● **WHAT THIS TASK INVOLVES**:
Don't include any picture when you restate the data word for word.

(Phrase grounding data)

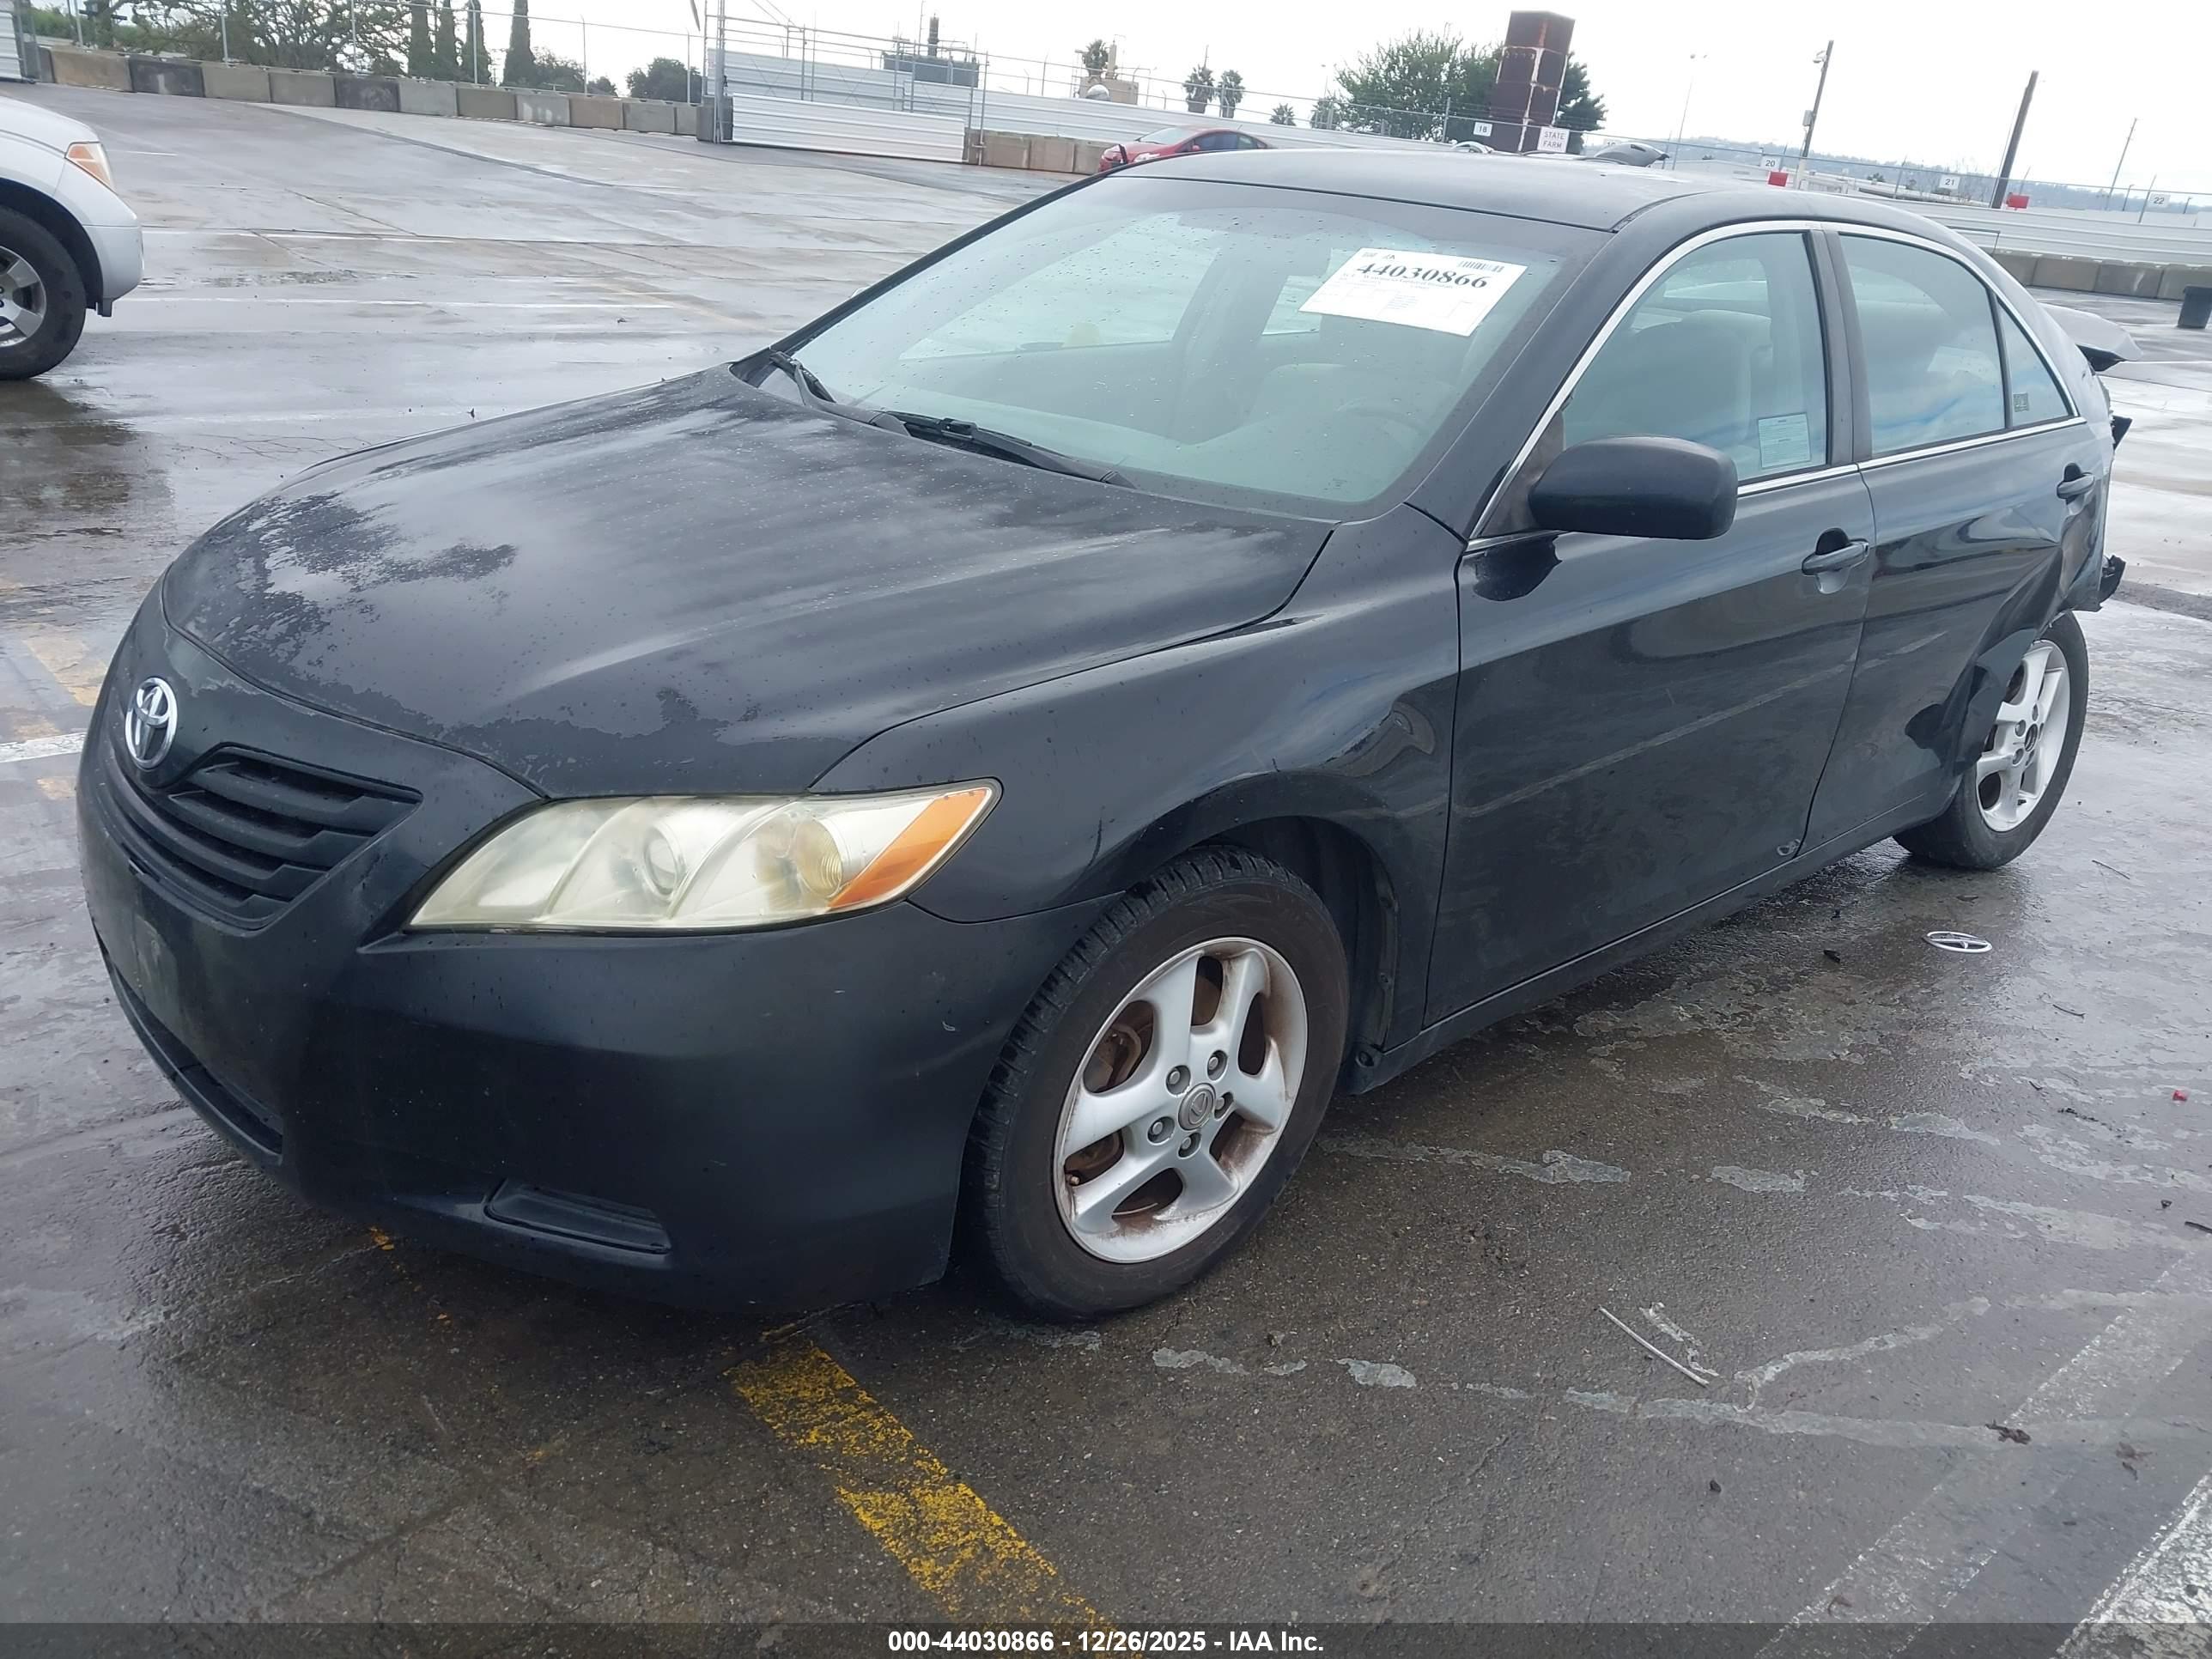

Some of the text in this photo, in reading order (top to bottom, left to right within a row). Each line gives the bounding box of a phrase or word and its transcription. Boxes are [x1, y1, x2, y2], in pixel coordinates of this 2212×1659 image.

[1479, 125, 1487, 133] 18
[1544, 131, 1566, 140] STATE
[1356, 263, 1491, 289] 44030866
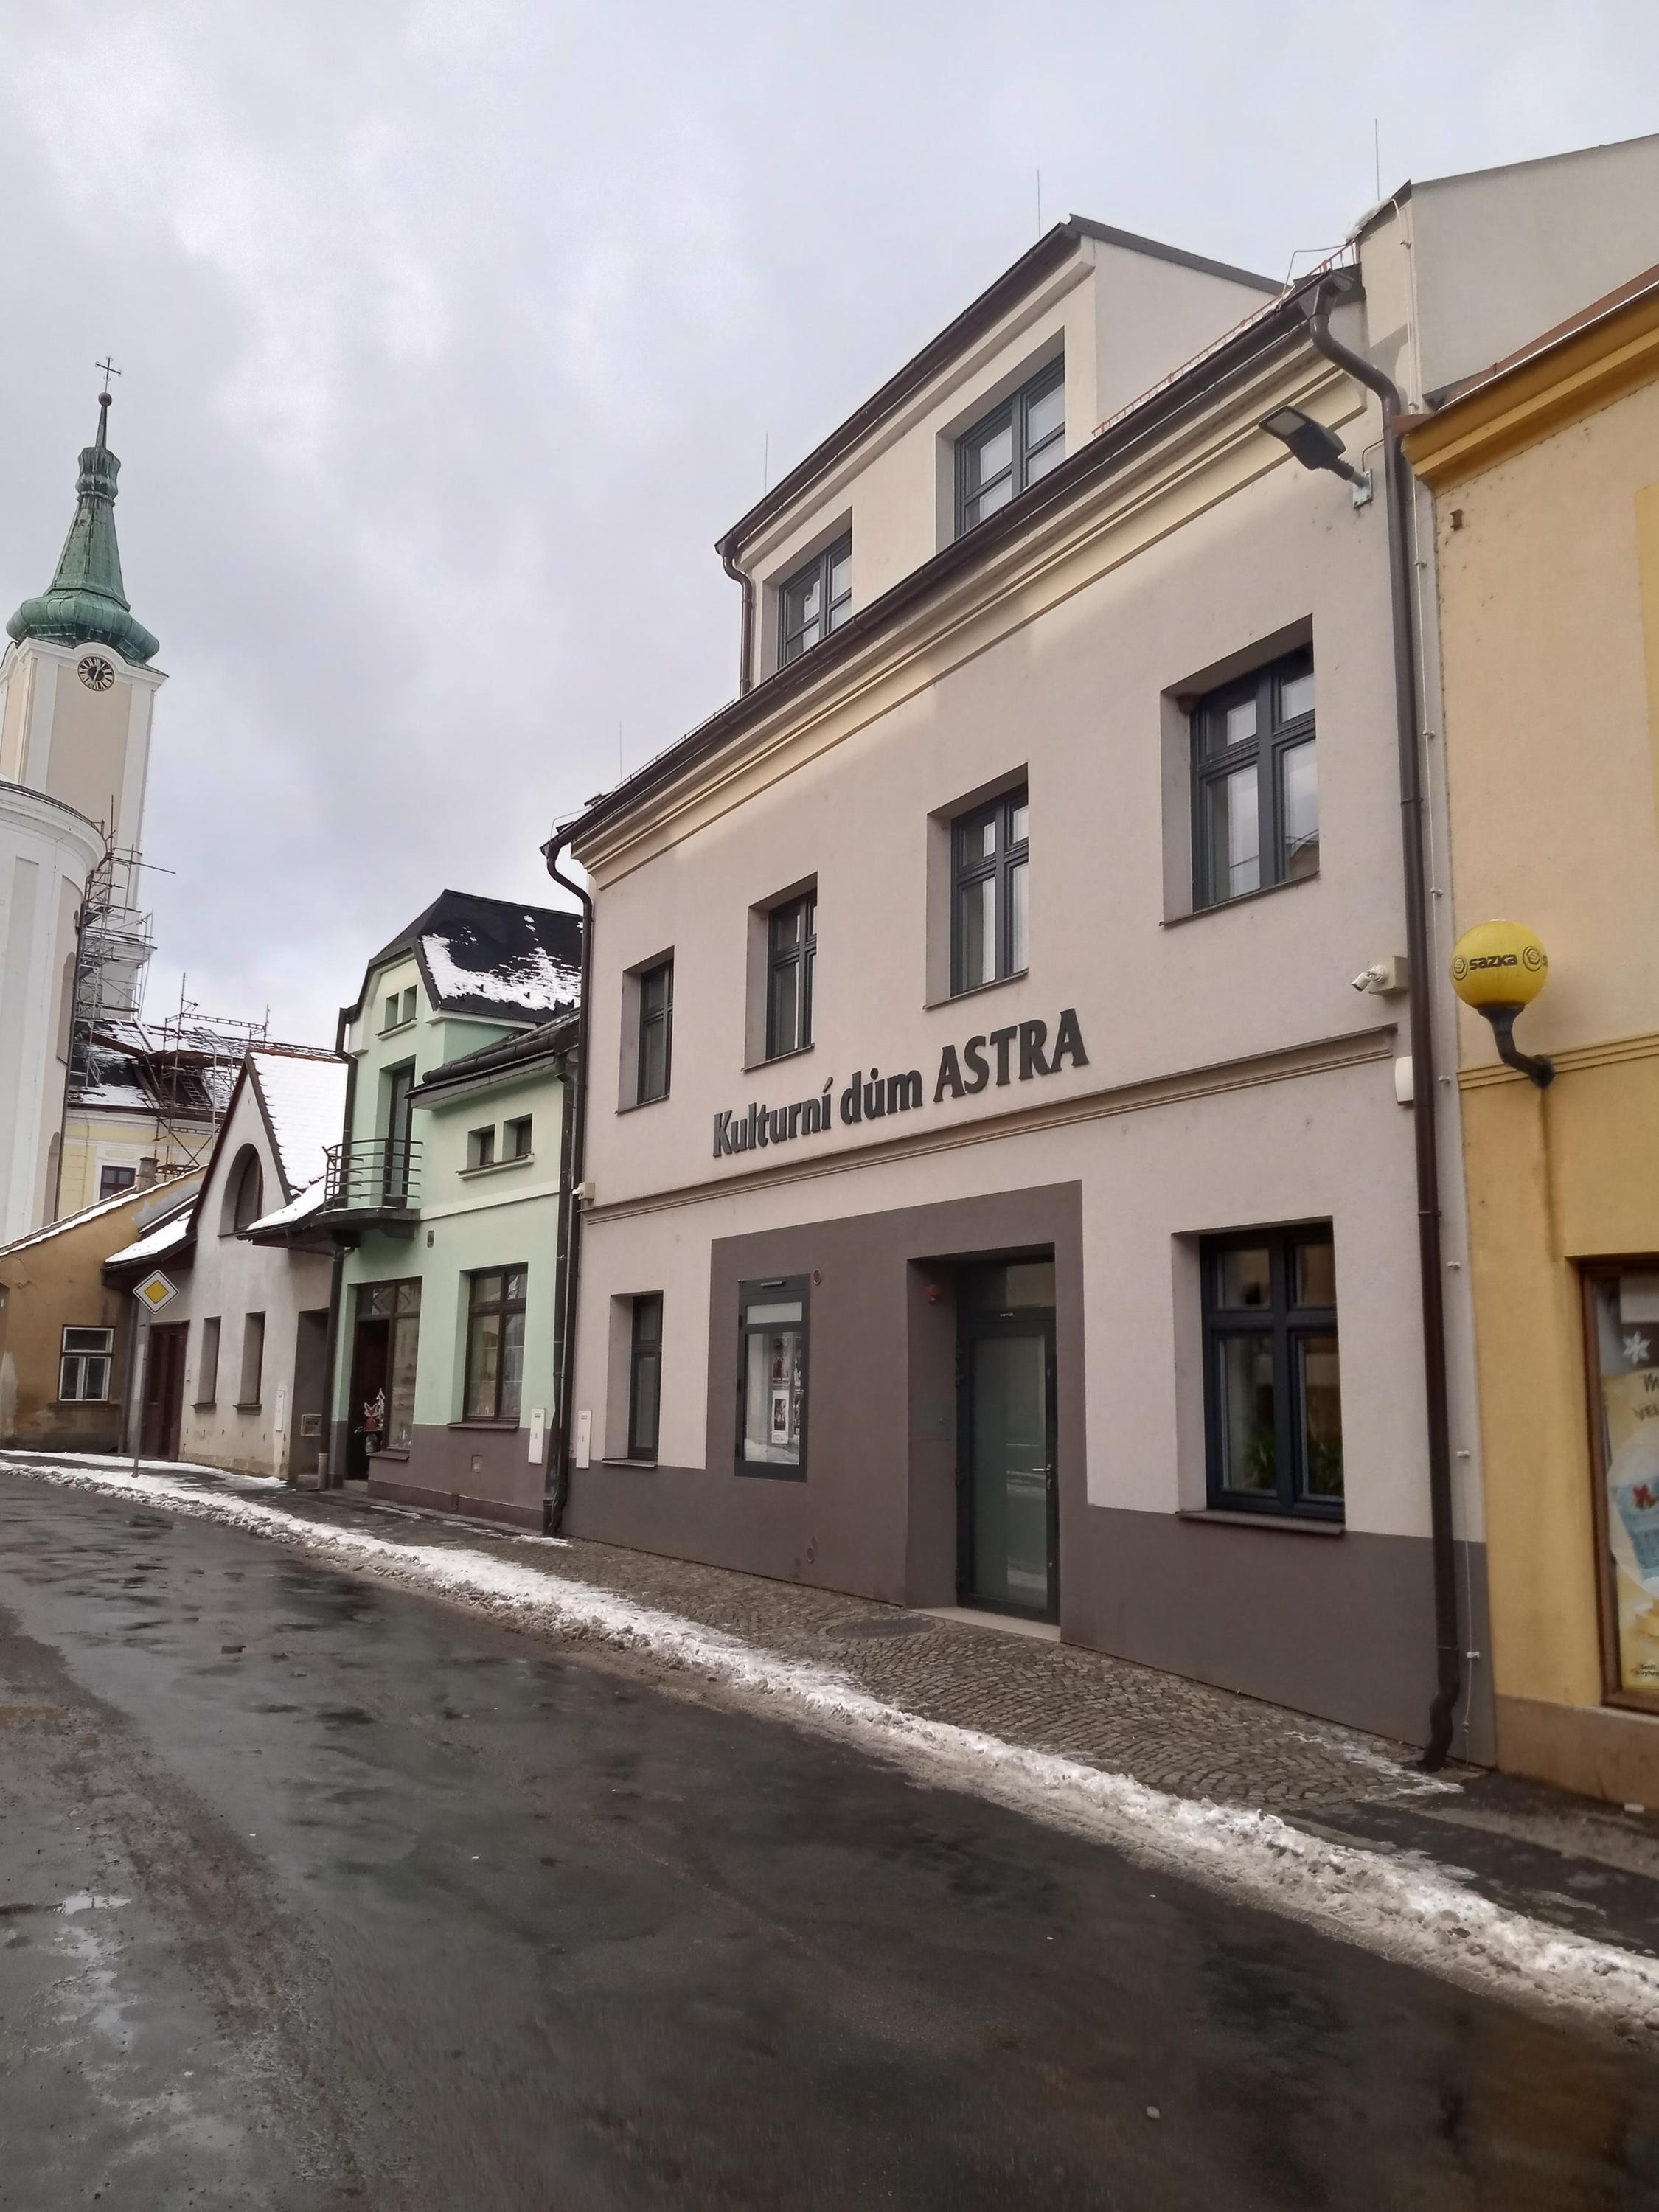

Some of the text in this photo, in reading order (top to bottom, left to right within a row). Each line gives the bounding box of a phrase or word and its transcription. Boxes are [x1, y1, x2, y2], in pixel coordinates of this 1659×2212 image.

[713, 1007, 1090, 1158] Kulturní dům ASTRA

● **RESPONSE TO THIS EXERCISE**:
Some of the text in this photo, in reading order (top to bottom, left to right within a row). Each line gives the bounding box of a phrase or word and its transcription. Boxes are [x1, y1, x2, y2], in pixel coordinates of this 2212×1659 image.

[1479, 125, 1487, 133] 18
[1544, 131, 1566, 140] STATE
[1356, 263, 1491, 289] 44030866

Some of the text in this photo, in reading order (top to bottom, left to right within a row). Each line gives the bounding box of a phrase or word and its transcription. Boxes are [x1, y1, x2, y2], in pixel coordinates of this 1659×2212 image.

[713, 1007, 1090, 1158] Kulturní dům ASTRA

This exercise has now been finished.